Доброслав и Дубыня принюхались: действительно чадило.

Они доели колбасу, допили вино, взяли у работника кусок мяса для Бука, поблагодарили хозяина и распрощались. Накормили пса, и Дубыня предложил осмотреть овраги. Края их были песчаными, лишь на дне кое-где росли кусты ферулы и торчали лобастые камни. То тут, то там лежали вразброс человеческие кости и длинные, высушенные на солнце черепа лошадей. Под одним из кустов Доброслав увидел хорошо сохранившуюся, запекшуюся в крови, отгрызенную от туловища голову мужчины с густой черной шевелюрой и подумал: «Может быть, это голова одного из четырех легаториев, убитых и брошенных сюда на растерзание шакалам».

Подул ветерок и принес со дна оврага тлетворный запах гнили. Зажав носы, наши друзья повернули назад и вскоре снова оказались у Меландизийских ворот.

— Дубыня, вот в тех самых оврагах и положено лежать Медной Скотине! Ты согласен?

— Я не только согласен, Доброслав, но и все сделаю для того, чтобы его там успокоить навеки…

— Он должен ответить не только за смерть поселян, но и за убийство киевских купцов… Говорят, что умертвили их по приказу василевса, а их непроданные товары и вырученные деньги пошли в государственную казну.

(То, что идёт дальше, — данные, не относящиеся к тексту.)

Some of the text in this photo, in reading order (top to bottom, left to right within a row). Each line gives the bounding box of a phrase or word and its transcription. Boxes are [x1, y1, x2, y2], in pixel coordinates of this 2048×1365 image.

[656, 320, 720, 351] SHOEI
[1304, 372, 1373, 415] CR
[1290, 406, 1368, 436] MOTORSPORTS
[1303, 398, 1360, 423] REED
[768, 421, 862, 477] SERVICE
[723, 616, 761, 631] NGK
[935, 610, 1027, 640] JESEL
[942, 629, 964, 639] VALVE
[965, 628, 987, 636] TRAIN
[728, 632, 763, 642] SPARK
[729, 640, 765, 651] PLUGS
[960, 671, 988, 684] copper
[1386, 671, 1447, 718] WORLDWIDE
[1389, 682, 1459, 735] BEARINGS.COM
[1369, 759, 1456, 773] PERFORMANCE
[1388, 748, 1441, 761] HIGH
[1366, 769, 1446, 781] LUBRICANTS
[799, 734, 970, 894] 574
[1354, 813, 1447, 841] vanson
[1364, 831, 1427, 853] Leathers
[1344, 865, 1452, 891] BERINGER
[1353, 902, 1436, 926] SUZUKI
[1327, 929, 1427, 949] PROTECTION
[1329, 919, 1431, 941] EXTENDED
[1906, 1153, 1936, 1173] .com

Я бы страшно отомстил и Михаилу III, но до него не доберешься… Так пусть за него понесет наказание его подчиненный… Только мне не понятно, Дубыня, неужели их Бог одобряет такие деяния?.. Хотя Леонтий твердит постоянно, что нет… Так почему же Господь не поразит громом небесным преступника?! В противном случае мы сами тогда свершим правосудие.

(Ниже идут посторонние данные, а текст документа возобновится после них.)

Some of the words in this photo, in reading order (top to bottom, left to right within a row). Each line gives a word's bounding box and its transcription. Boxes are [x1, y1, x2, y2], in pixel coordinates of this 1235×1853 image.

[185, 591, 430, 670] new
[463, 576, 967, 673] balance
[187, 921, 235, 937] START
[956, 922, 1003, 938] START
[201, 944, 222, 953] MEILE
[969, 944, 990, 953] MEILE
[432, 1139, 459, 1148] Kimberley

— Свершим! — как эхо, прозвучала клятва Дубыни.

Видимо, план отмщения у язычников созрел давно, потому что они, уже не сговариваясь, от цистерны Мокия круто свернули влево, прошли мимо нескольких общественных терм и через некоторое время оказались на улице Юстиниана и остановились около дома, куда поселил свою гетеру регионарх.

Дом строился из кирпича и украшался тонкой красной плинфой, на наружной двери мастер из серебряных пластин изобразил с райскими плодами раскидистое дерево, возле которого стояли Адам и Ева, а у их ног извивался змей-искуситель…

У порога прохаживался вооруженный легаторий, внимательно следивший за происходящим на улице.

— Дело дрянь, — сказал Доброслав своему другу. — Не думал я, что Иктинос у дома, где живет блудница, поставит охранника. Следуя здравому смыслу, он делать это не должен, чтобы не вызвать излишние пересуды.

— На то он и Пустой Медный Бык… — засмеявшись, добавил Дубыня.

Но было не до смеха: по плану, придуманному Доброславом, им нужно попасть в дом. Но сейчас это невозможно. На виду у прохожих охранника не свяжешь, к тому же он станет звать на помощь, оставалось одно — ждать. Тем более Дубыня высказал дельную мысль.

— Доброслав, — сказал он, — не может же легаторий целый день не есть. Обедать его позовут, и, надо думать, позовут в дом. И вот тогда мы постучимся и скажем, что прибыли по поручению Иктиноса, а когда откроют, войдем… И впустим Бука…

Регионарх понимал, что, выставляя легатория здесь, он действует по собственной инициативе и за это может понести наказание, поэтому, разумеется, не мог здесь менять охрану по всем правилам караульной службы… Он просто поставил человека, которому доверял, и сказал Евдоксии, чтобы его кормили. Так что расчет Дубыни оказался верным.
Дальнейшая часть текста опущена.